Much of the interest that Mehmed took in things Italian seems suspiciously utilitarian and even predatory. He was very interested in the geography of Italy, most probably because he was planning to invade it and sack Rome in fulfilment of the ancient prophecies.

A fifteenth-century finial, an ornamental top for a turban, over 20 cm high

After Mehmed’s death, his son and successor, Bayezid II (reigned 1481–1512) sold off the Italian paintings and probably destroyed the erotic frescoes. The great innovations in Ottoman arts and crafts owed nothing to the example of Renaissance models. Rather it was the building of the Yeni Saray and the Fatih mosque, as well as numerous smaller mosques, religious teaching colleges and palaces that provided a massive stimulus to Islamic crafts. Iznik tiles, which must be counted among the finest examples of Islamic ceramics, were produced in vast quantities and to an unprecedented high standard to cover the walls of the new buildings. Similarly it seems probable that the large and expensive medallion Ushak carpets were first produced in Mehmed’s reign. Almost certainly made to order from the court, their layout was perhaps modelled on bookbindings from the imperial library. Mehmed and his courtiers, theologians, designers and craftsmen looked to the East and to Persian culture of the Timurid territories for their cultural models. The visual culture of the Ottomans in the late-fifteenth century was a branch of the ‘International Timurid style’ with its decorative stylised foliage, lobed leaves and cloud bands. Samarqand, Bukhara, Herat and Tabriz – not Florence or Venice – were the real sources of inspiration for Ottoman art in the late fifteenth century. As for Italy, though Mehmed sent an invasion force to southern Italy in 1480, he died the following year with his dream of conquering Rome unrealised.
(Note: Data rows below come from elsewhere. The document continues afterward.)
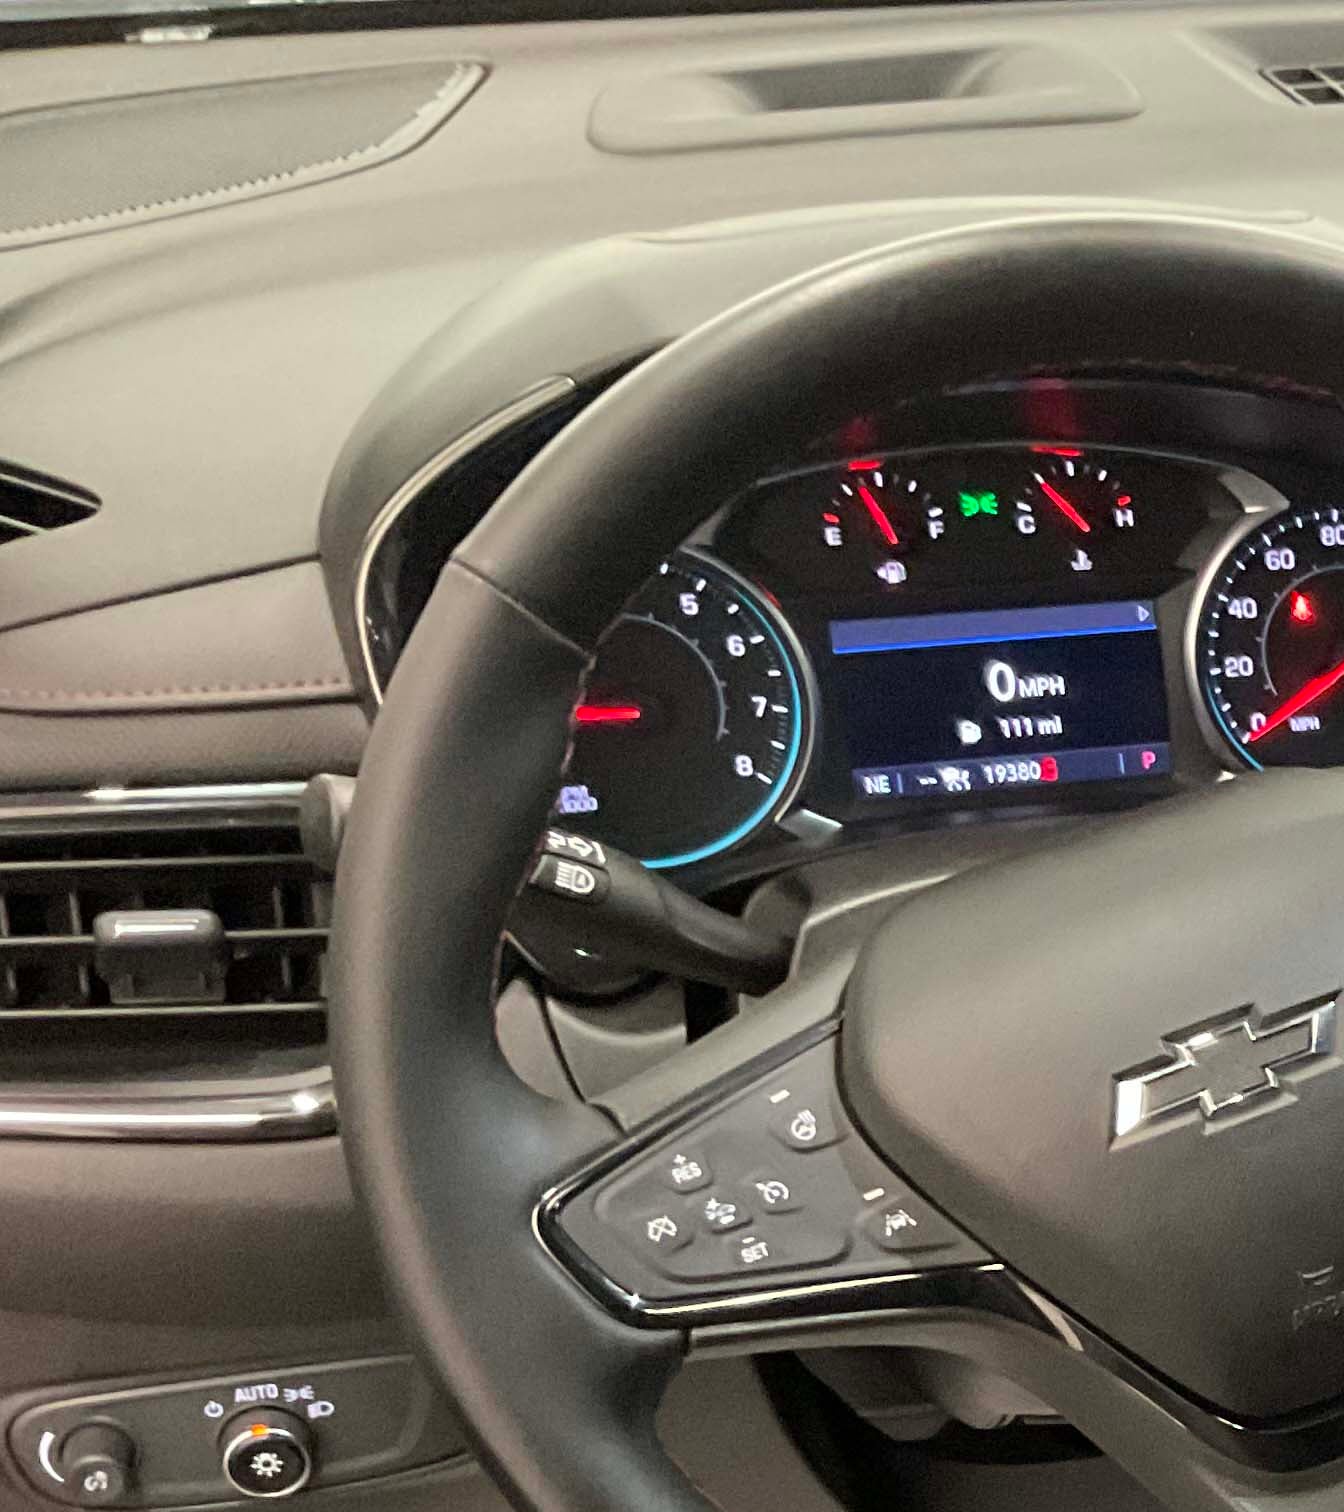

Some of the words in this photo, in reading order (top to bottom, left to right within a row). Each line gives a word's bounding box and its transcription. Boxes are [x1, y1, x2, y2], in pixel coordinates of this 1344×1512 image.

[928, 519, 945, 540] F
[1016, 514, 1037, 535] C
[1115, 508, 1135, 528] H
[824, 526, 843, 547] E
[1264, 548, 1296, 572] 60
[679, 592, 700, 616] 5
[1227, 596, 1258, 620] 40
[725, 634, 746, 658] 6
[1224, 655, 1254, 678] 20
[750, 694, 768, 718] 7
[998, 716, 1034, 740] 111
[734, 754, 755, 777] 8
[863, 774, 892, 795] NE
[1141, 750, 1157, 769] P
[671, 1161, 702, 1184] RES
[741, 1241, 769, 1263] SET
[235, 1383, 278, 1403] AUTO
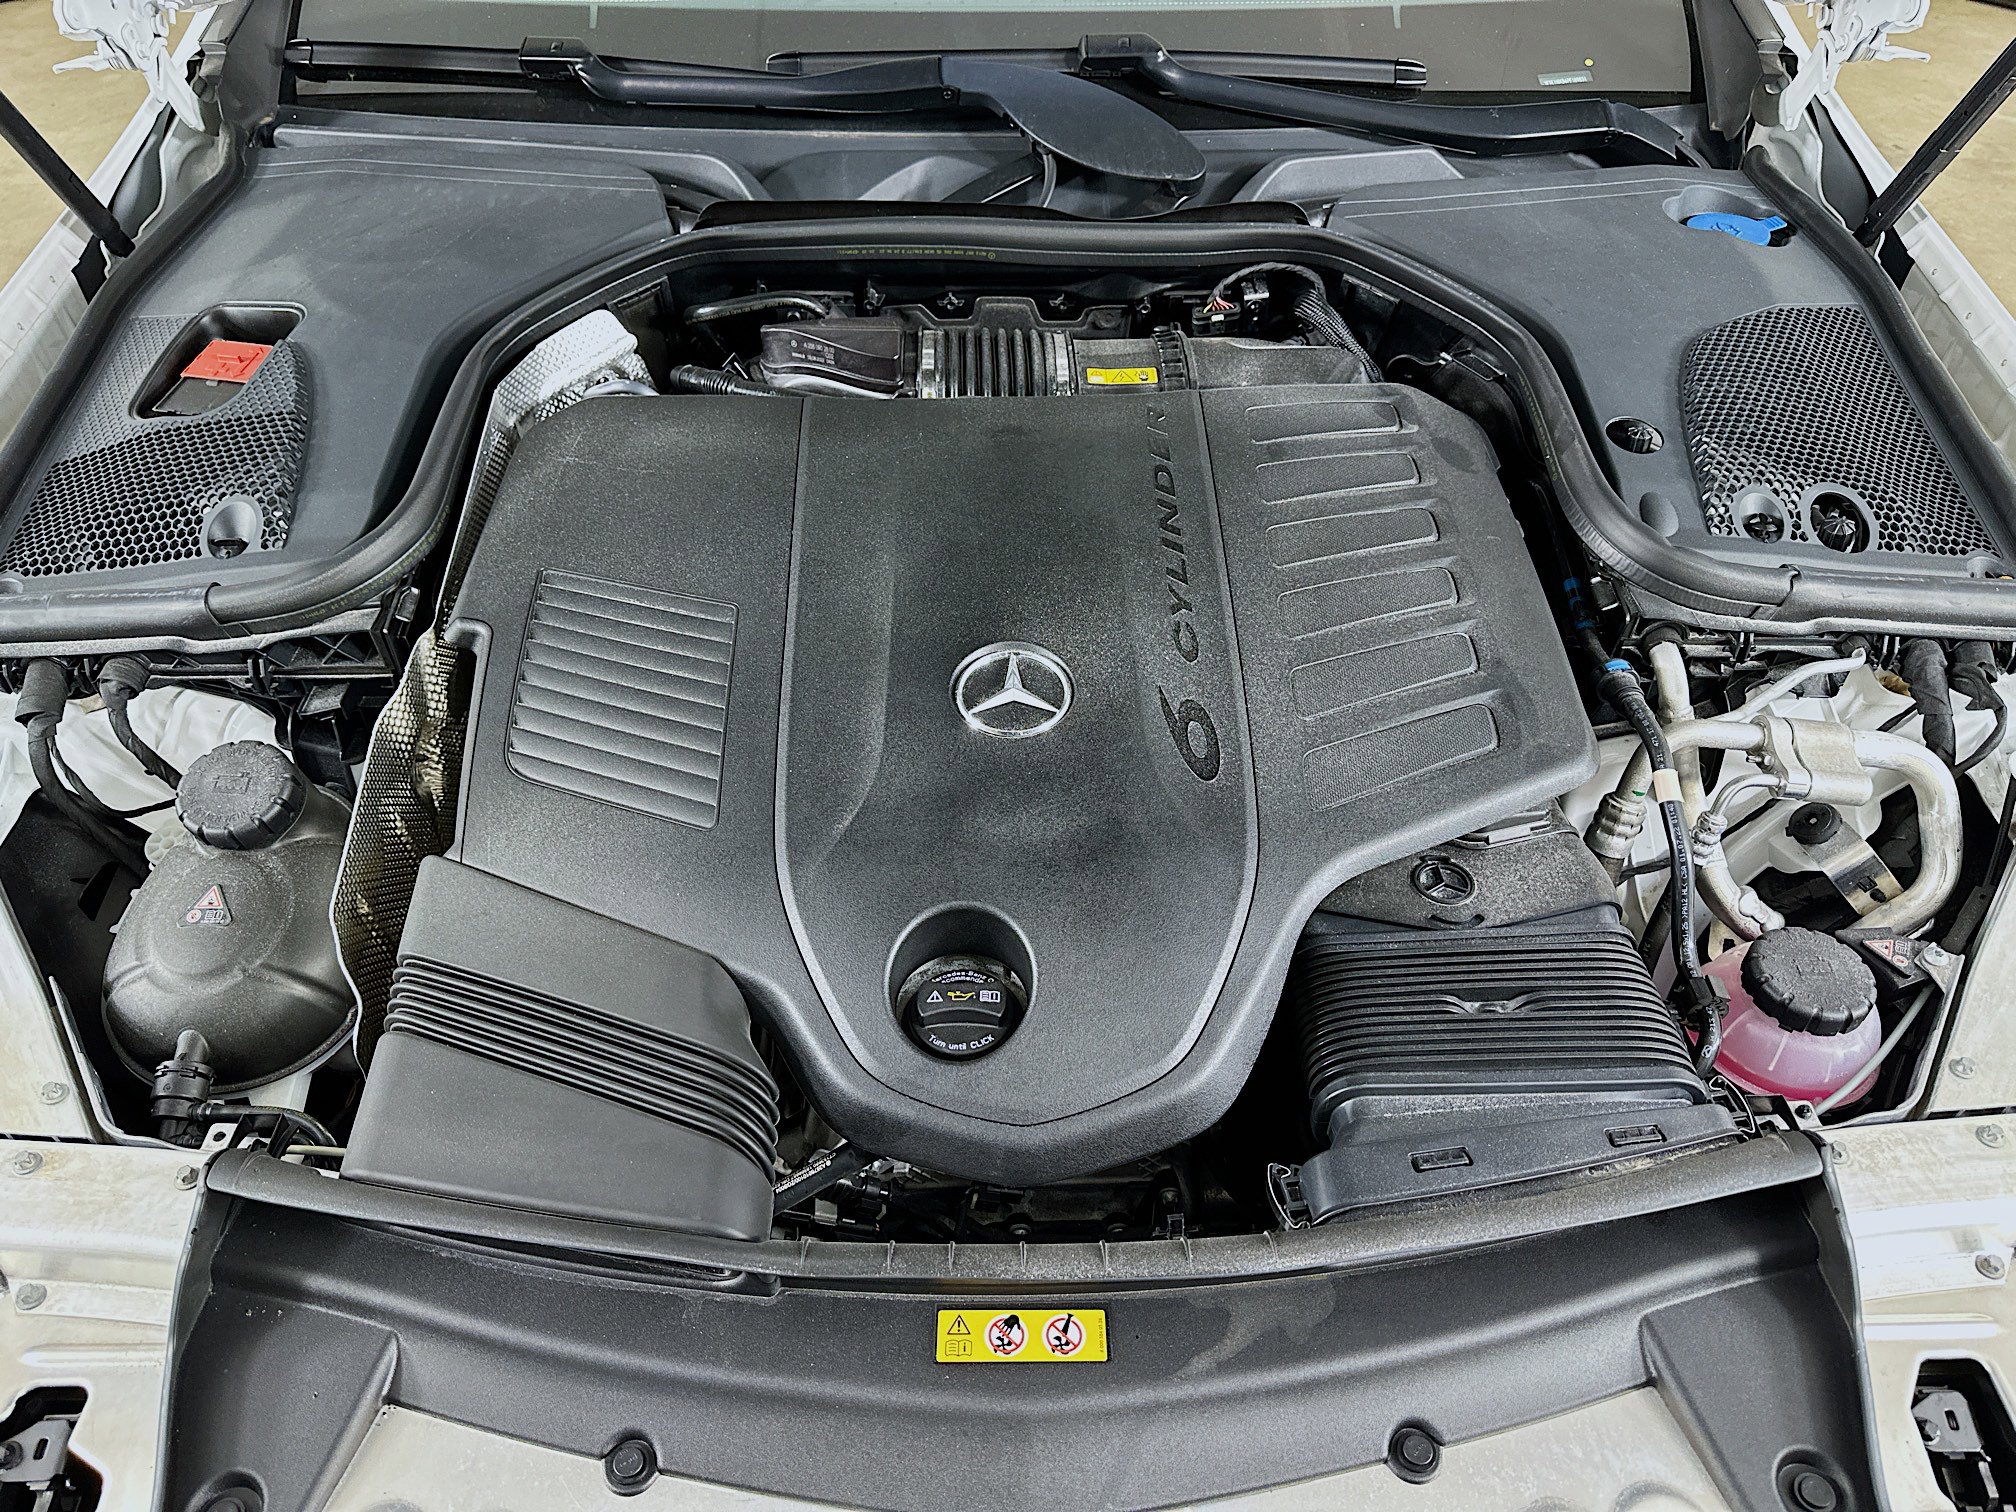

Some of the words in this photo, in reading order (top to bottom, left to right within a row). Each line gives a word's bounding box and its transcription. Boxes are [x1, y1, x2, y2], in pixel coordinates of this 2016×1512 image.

[1146, 405, 1199, 663] CYLINDER
[1157, 683, 1220, 782] 6
[928, 1034, 946, 1048] Turn
[948, 1042, 967, 1050] until
[970, 1034, 995, 1049] CLICK
An Iznik late, c.1550, decorated with tulips and hyacinths bound together with lotus flowers, showing the distinct Cninese influence of Iznik pottery

His puritanical successor, Bayezid II, favoured the austere and Quran-related art of calligraphy. He regarded Shaykh Hamdullah, the man who had taught him calligraphy, with such reverence that he would stand and hold the inkstand while his teacher worked. Bayezid’s grandson, Süleyman the Magnificent (reigned 1520–66) was also an esteemed calligrapher, following the Ottoman tradition of princes mastering an art or practical skill such as calligraphy, woodwork or gardening. But Süleyman’s artistic patronage extended much further than calligraphy.
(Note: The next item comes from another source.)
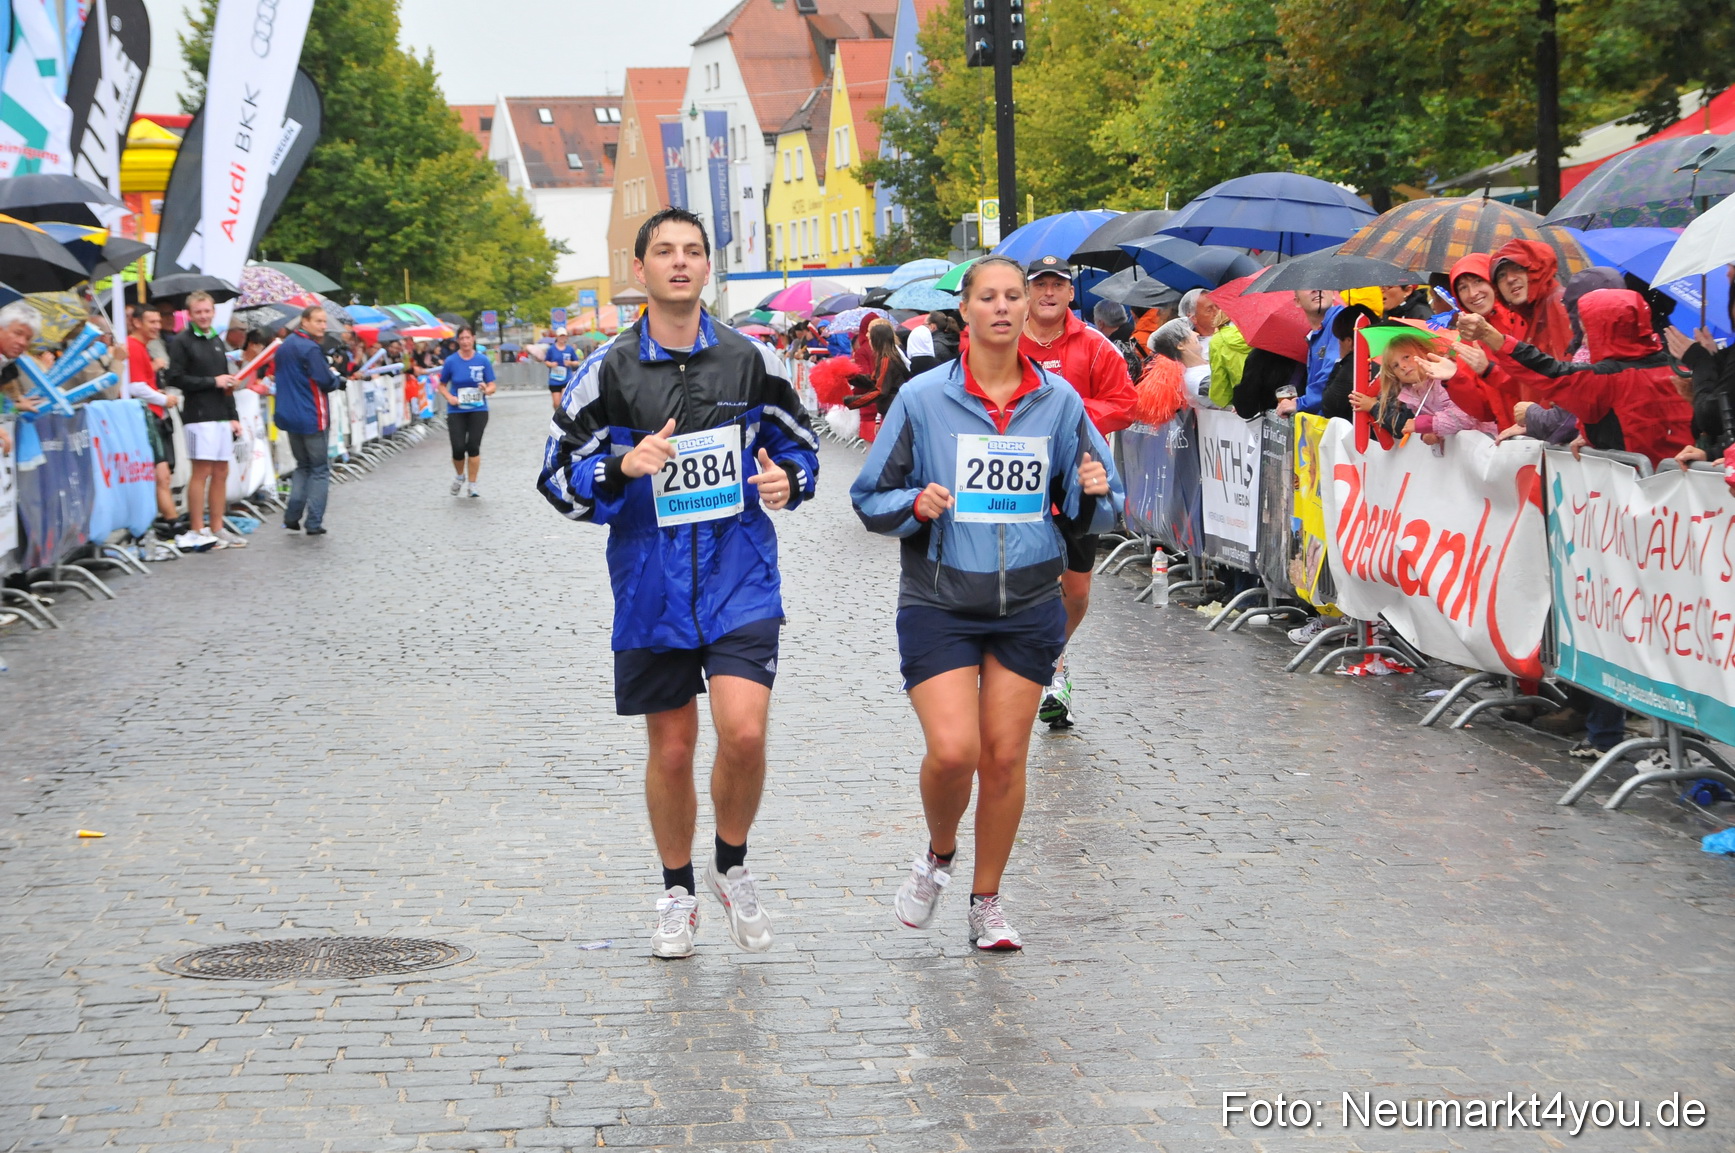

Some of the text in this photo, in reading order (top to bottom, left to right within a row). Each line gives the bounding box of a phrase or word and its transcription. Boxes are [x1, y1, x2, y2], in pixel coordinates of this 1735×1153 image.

The vastly increased resources of the Ottoman Empire in the sixteenth century, as well as the skill of Süleyman’s chief architect Sinan, meant that the great mosque complex of the Süleymaniye in Istanbul outstripped Mehmed’s Fatih mosque in size and in boldness of design.
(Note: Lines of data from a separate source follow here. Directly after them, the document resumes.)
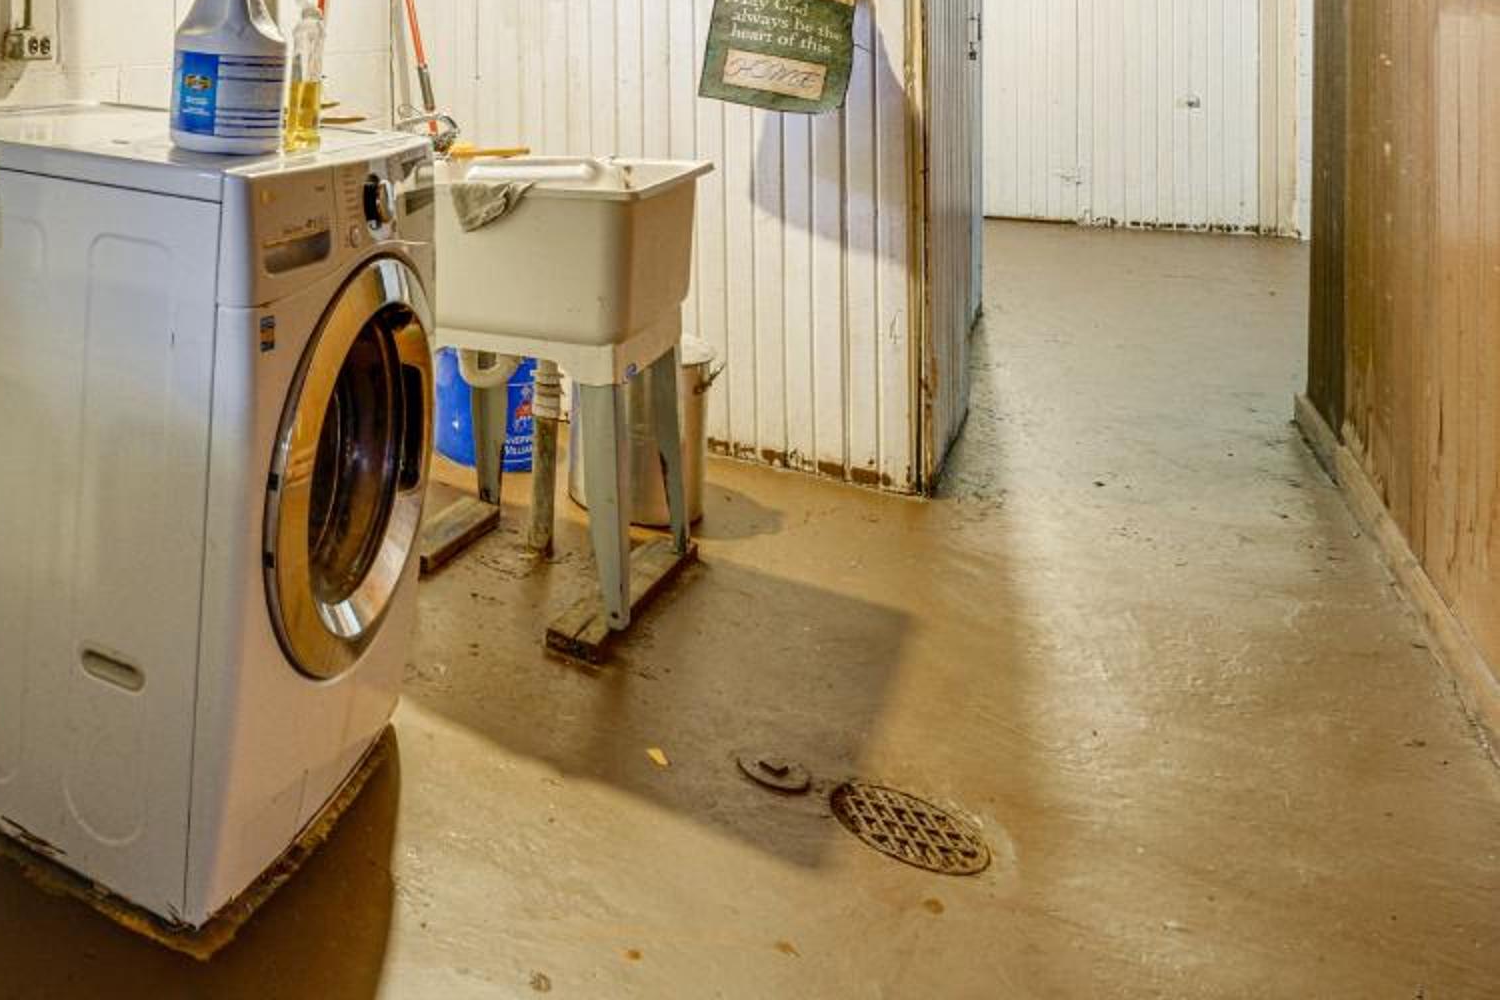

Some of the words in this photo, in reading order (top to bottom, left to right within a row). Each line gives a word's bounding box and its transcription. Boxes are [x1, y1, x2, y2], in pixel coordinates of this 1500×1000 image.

[731, 8, 790, 31] always
[795, 17, 813, 32] be
[731, 22, 773, 43] heart
[777, 32, 799, 47] of
[800, 37, 832, 54] this
Though Sinan worked within a tradition of architecture that was distinctively Ottoman, other artists and craftsmen continued to look back on the culture of fifteenth-century Central Asia under the Timurids for their inspiration. Albums of Persian miniatures rather than European canvases furnished Ottoman painters with their chief models. Eastern foliage and a Persian form of Chinoiserie continued to provide much of the decorative repertoire of Ottoman textiles and ceramics. Most of the European art that Süleyman acquired came to him not through individual commissions, but rather as loot from campaigning in the Balkans. The sack of the Hungarian capital of Buda in 1526, in particular, brought vast quantities of manuscripts, statues, jewels and other precious objects to Istanbul. Süleyman’s reign was simultaneously the military and cultural zenith of the Ottoman Empire.